Crédit photo : Brad Switzer
Les auteurs-compositeurs originaux d’une chanson de combat de l’Université du Michigan se battent contre les éditeurs de la chanson pour une prétendue ingérence dans les licences.
Le domaine des batailles juridiques concernant les clauses de résiliation continue de s’intensifier, à la suite des affaires très médiatisées impliquant Salt-N-Pepa et 2 Live Crew. Ces deux affaires se sont soldées par une opposition aux artistes sur la base de questions qui sortaient malheureusement du cadre des licenciements eux-mêmes.

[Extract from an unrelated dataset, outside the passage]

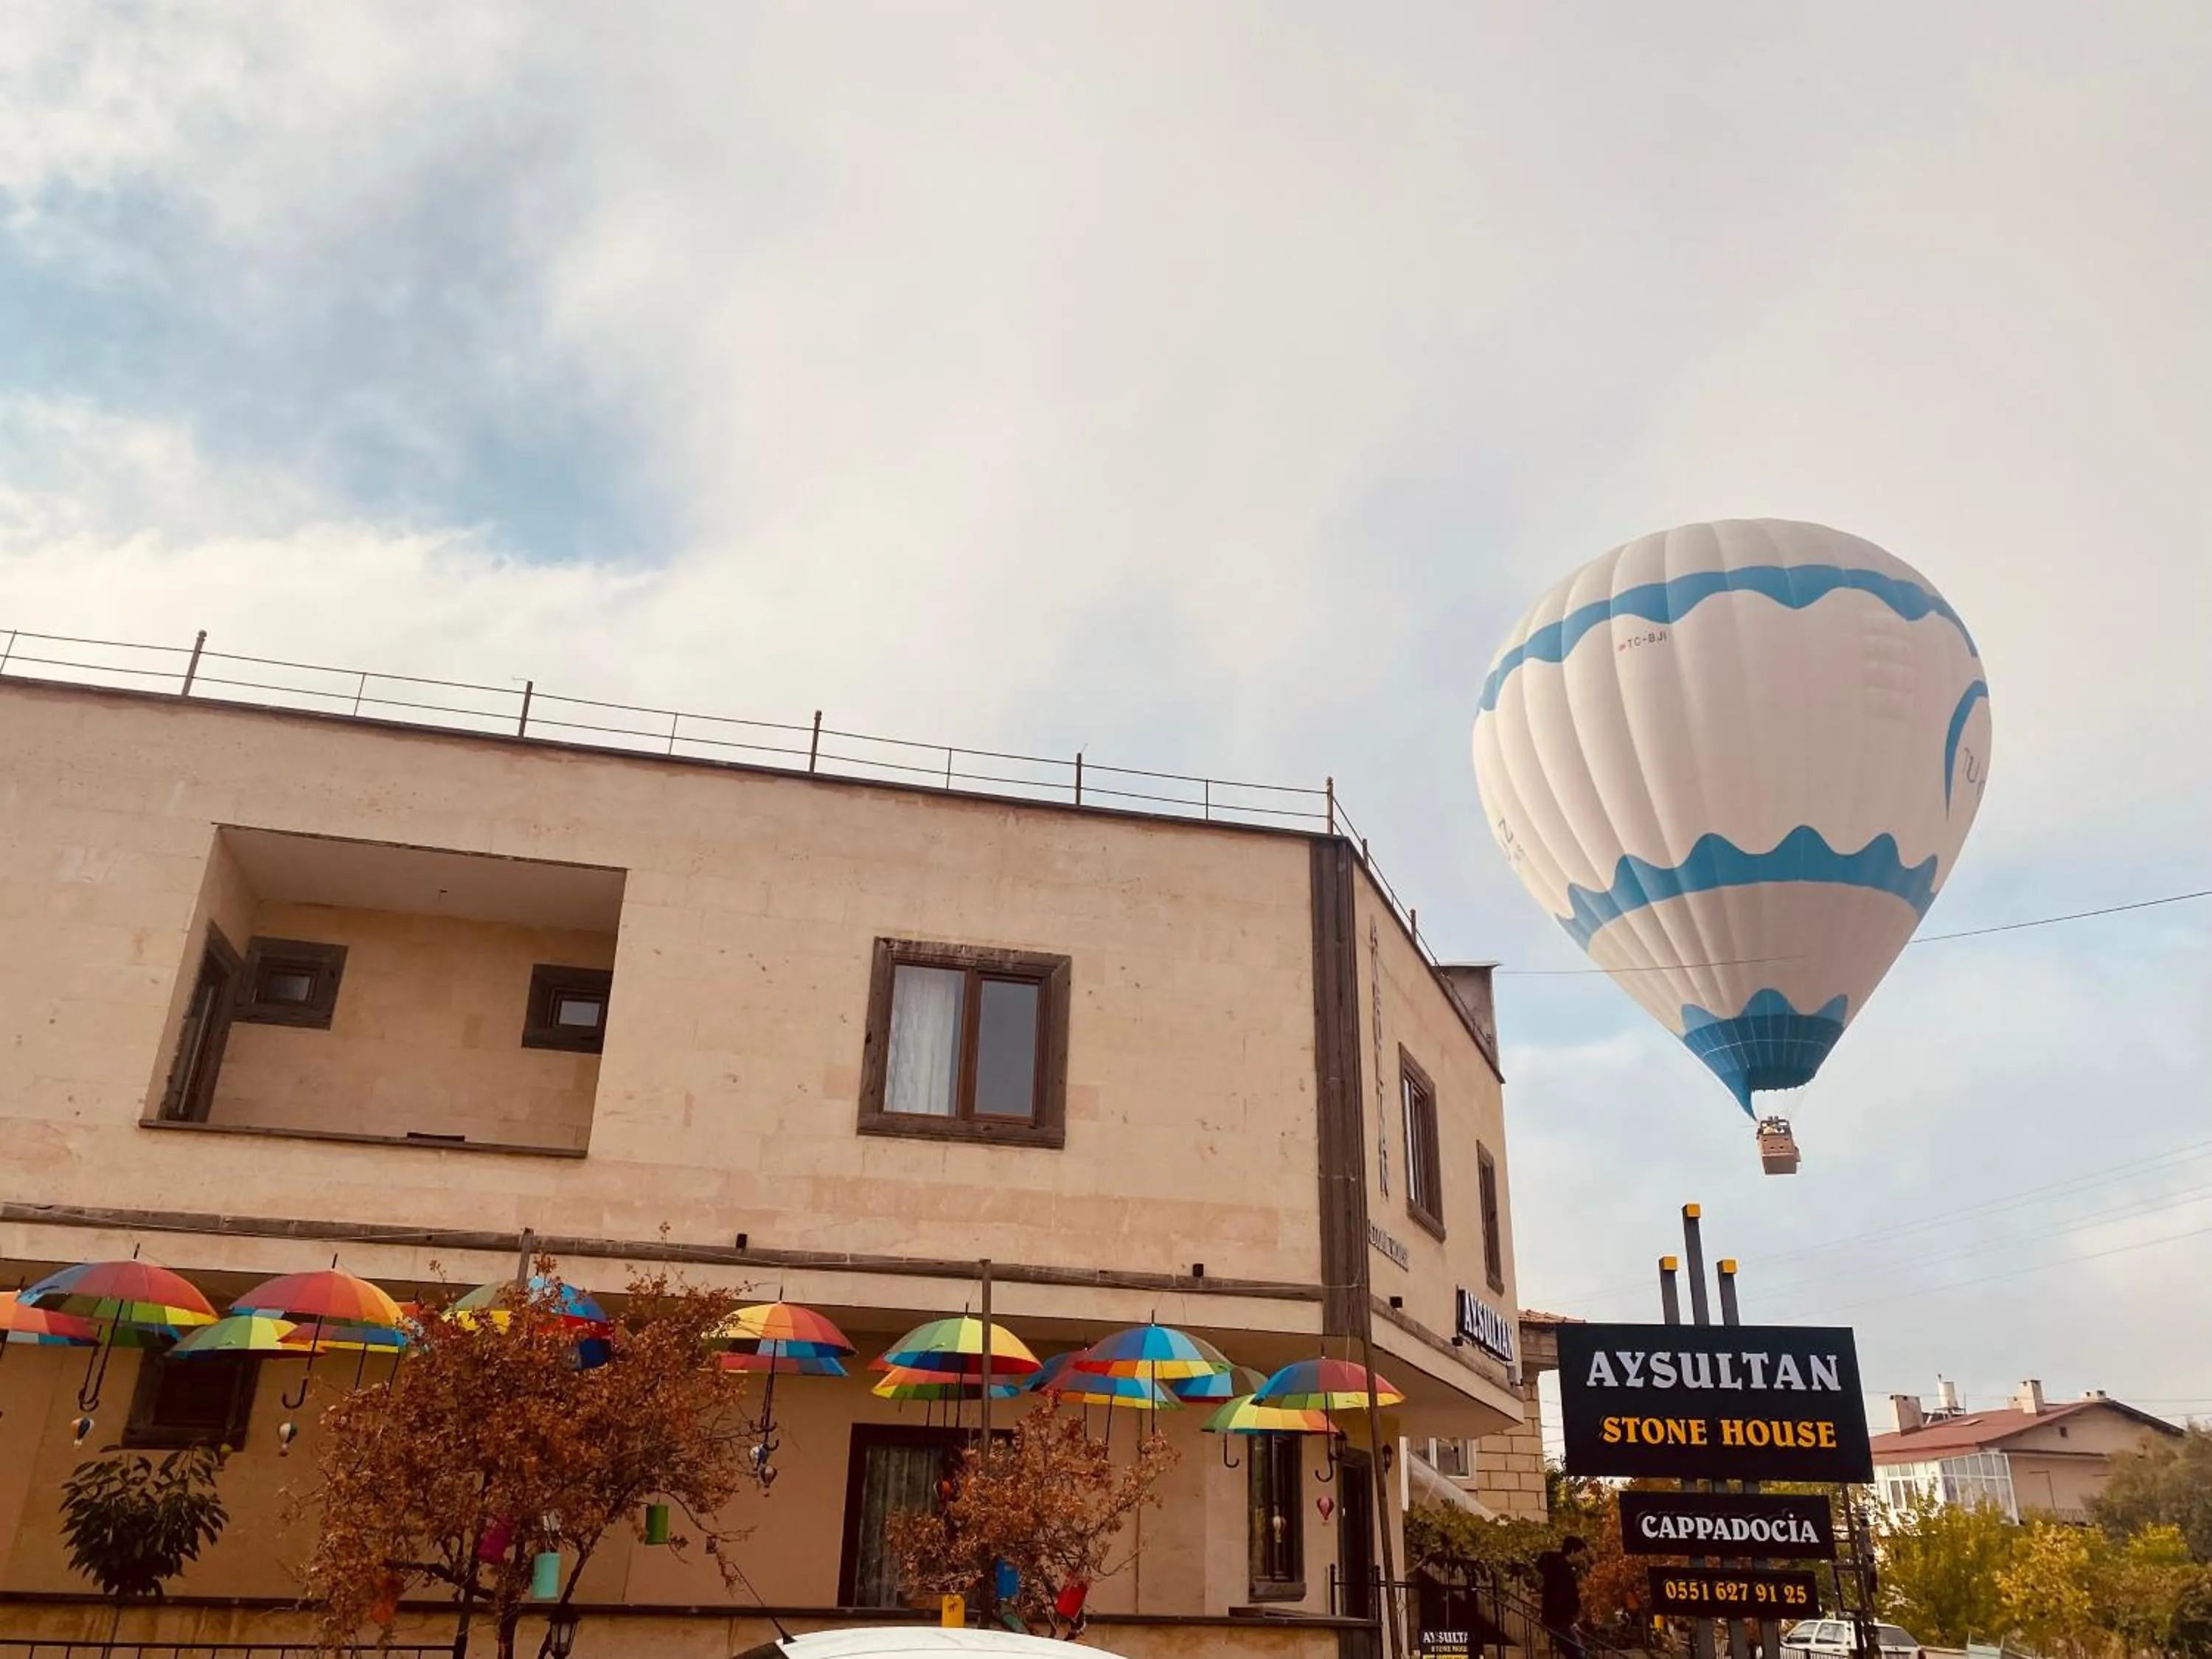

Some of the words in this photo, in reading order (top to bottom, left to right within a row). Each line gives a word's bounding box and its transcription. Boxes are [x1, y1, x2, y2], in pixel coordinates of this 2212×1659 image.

Aujourd’hui, les auteurs-compositeurs originaux d’une chanson de combat de l’Université du Michigan se battent contre les éditeurs de la chanson pour ingérence présumée dans un accord de licence conclu pour un jeu vidéo.
Éditeur renommé Carl Fischer poursuivi les auteurs-compositeurs de « Let’s Go Blue » pour avoir interféré avec un accord de licence conclu avec EA pour la série de jeux vidéo College Football. Cette ingérence aurait résulté d’affirmations selon lesquelles le droit d’auteur était revenu et que les éditeurs n’avaient pas le droit d’accorder une licence.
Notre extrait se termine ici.